Yeast phosphofructokinase was partitioned in an aqueous two-phase system composed of polyethylene glycol and dextran in which a small amount of the first polymer was replaced by Cibacron Blue F3G-A substituted polyethylene glycol. It was found that the partition coefficient, K, of the enzyme determined immediately after adding the enzyme to the system and within a series of time intervals (min) shifts from a lower to a higher value. This effect was amplified when the enzyme was preincubated with fructose 6-phosphate in millimolar concentration range.

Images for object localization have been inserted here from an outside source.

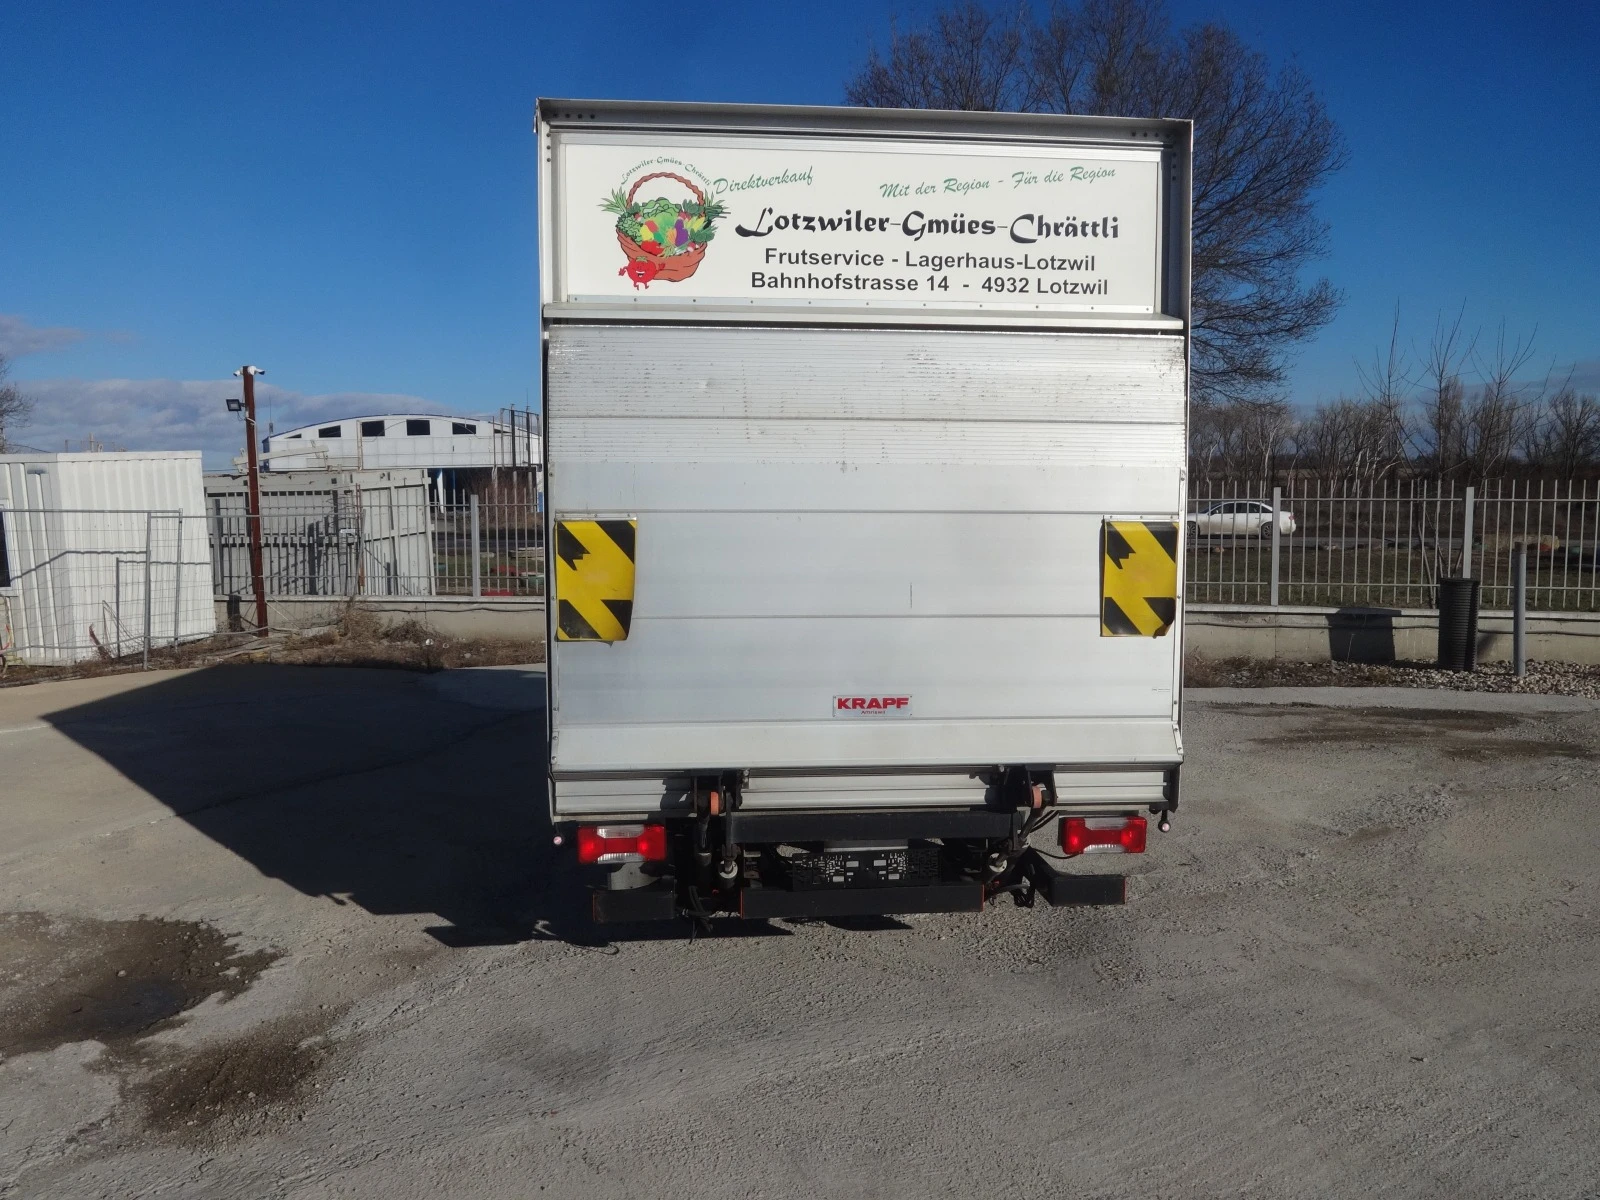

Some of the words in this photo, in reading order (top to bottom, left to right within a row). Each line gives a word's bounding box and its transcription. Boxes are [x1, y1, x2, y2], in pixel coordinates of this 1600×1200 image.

[713, 165, 813, 195] Direktverkauf
[879, 183, 910, 199] Mit
[914, 181, 937, 195] der
[943, 177, 990, 196] Region
[1011, 171, 1039, 190] Für
[1043, 169, 1064, 183] die
[1069, 165, 1117, 183] Region
[764, 247, 885, 267] Frutservice
[904, 250, 1095, 273] Lagerhaus-Lotzwil
[751, 271, 919, 292] Bahnhofstrasse
[926, 275, 950, 292] 14
[981, 276, 1030, 294] 4932
[1036, 276, 1108, 296] Lotzwil
[837, 697, 909, 709] KRAPF

Other effectors, like ATP, ADP, AMP, fructose 1,6-bisphosphate and protons were without significant influence on the partition. A similar behaviour in lowering the partition coefficient was found with an enzyme form desensitized to ATP-inhibition. The existence of enzyme forms of different affinity to Cibacron Blue depending on the fructose 6-phosphate could be manifested by counter-current distribution. Because of the competition in the binding of Cibacron Blue and ATP to the nucleotide binding sites the conclusion was drawn that the partition of phosphofructokinase reflects the alteration of the affinity of the enzyme to ATP.